BEGIN Data to use

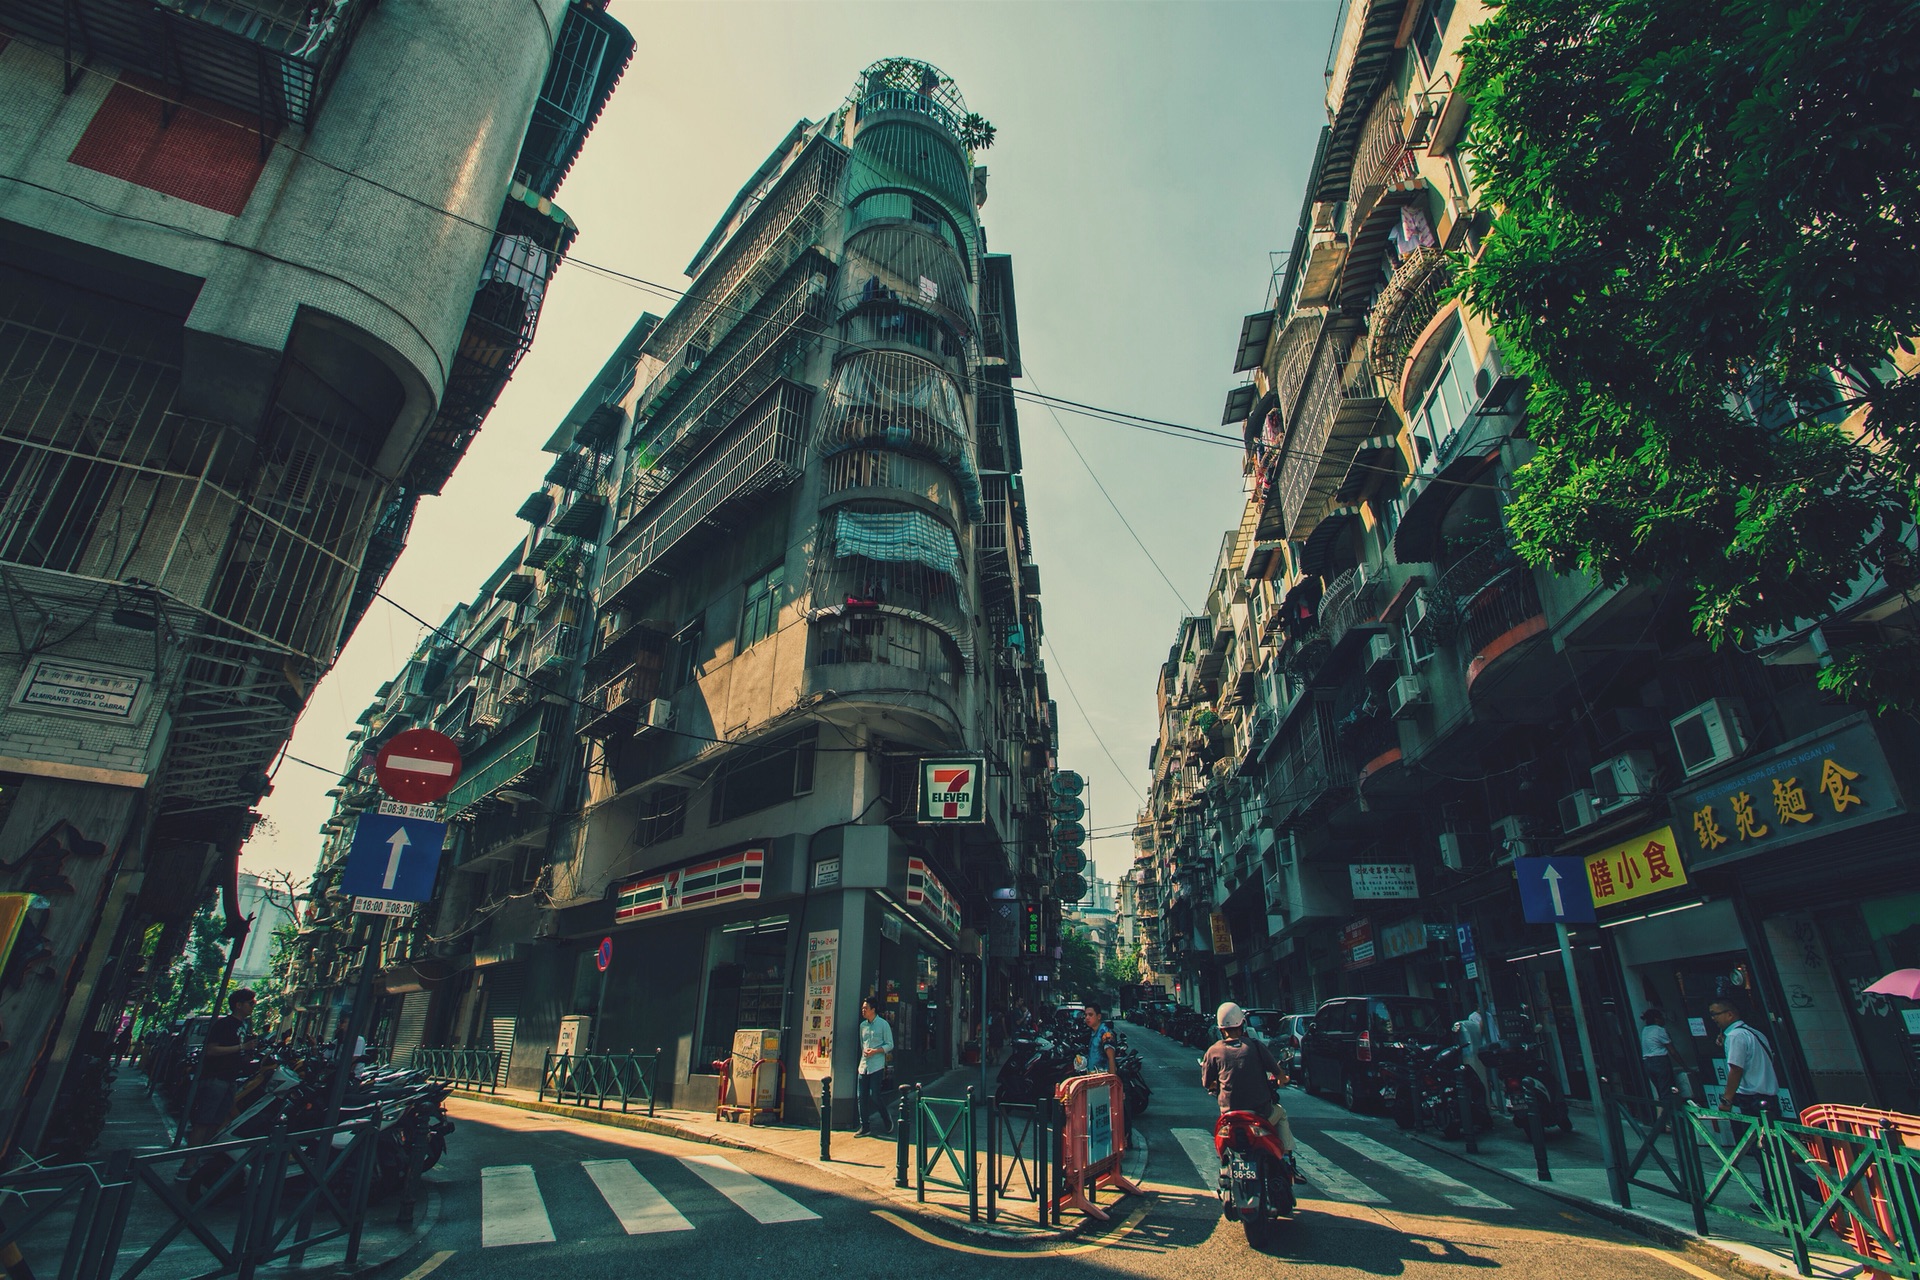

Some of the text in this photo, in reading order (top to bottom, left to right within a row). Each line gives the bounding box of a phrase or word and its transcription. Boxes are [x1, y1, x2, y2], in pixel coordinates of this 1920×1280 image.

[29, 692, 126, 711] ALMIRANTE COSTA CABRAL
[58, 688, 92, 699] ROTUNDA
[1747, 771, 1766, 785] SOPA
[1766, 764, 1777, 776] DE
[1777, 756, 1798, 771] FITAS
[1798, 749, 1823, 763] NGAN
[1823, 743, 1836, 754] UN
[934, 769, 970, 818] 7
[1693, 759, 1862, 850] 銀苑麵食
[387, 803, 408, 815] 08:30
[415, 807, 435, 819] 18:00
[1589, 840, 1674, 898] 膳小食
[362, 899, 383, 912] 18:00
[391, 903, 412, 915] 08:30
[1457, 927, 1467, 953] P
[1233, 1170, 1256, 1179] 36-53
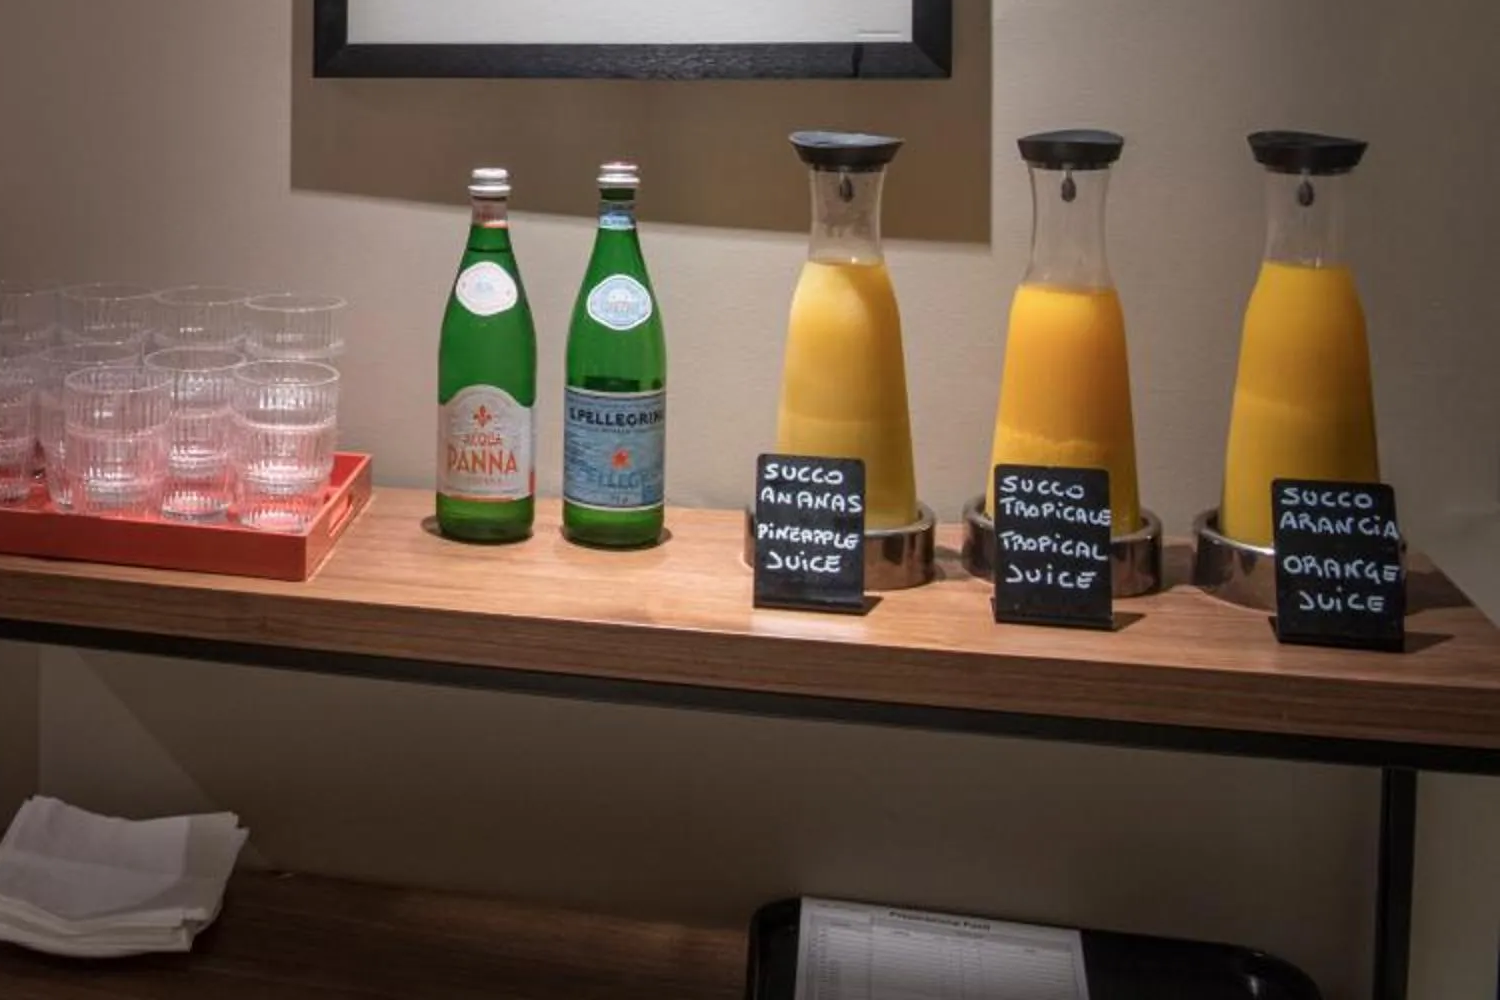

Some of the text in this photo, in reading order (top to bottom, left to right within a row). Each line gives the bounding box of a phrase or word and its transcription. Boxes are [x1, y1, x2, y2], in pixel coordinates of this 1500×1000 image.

END Data to use

_Task instructions_
Reproduce the listing exactly, but omit every picture in it.

_Result_
Some of the text in this photo, in reading order (top to bottom, left to right within a row). Each line gives the bounding box of a phrase or word and its transcription. Boxes are [x1, y1, x2, y2], in pixel coordinates of this 1920×1280 image.

[29, 692, 126, 711] ALMIRANTE COSTA CABRAL
[58, 688, 92, 699] ROTUNDA
[1747, 771, 1766, 785] SOPA
[1766, 764, 1777, 776] DE
[1777, 756, 1798, 771] FITAS
[1798, 749, 1823, 763] NGAN
[1823, 743, 1836, 754] UN
[934, 769, 970, 818] 7
[1693, 759, 1862, 850] 銀苑麵食
[387, 803, 408, 815] 08:30
[415, 807, 435, 819] 18:00
[1589, 840, 1674, 898] 膳小食
[362, 899, 383, 912] 18:00
[391, 903, 412, 915] 08:30
[1457, 927, 1467, 953] P
[1233, 1170, 1256, 1179] 36-53

Some of the text in this photo, in reading order (top to bottom, left to right within a row). Each line gives the bounding box of a phrase or word and its transcription. Boxes are [x1, y1, x2, y2], in pixel coordinates of this 1500×1000 image.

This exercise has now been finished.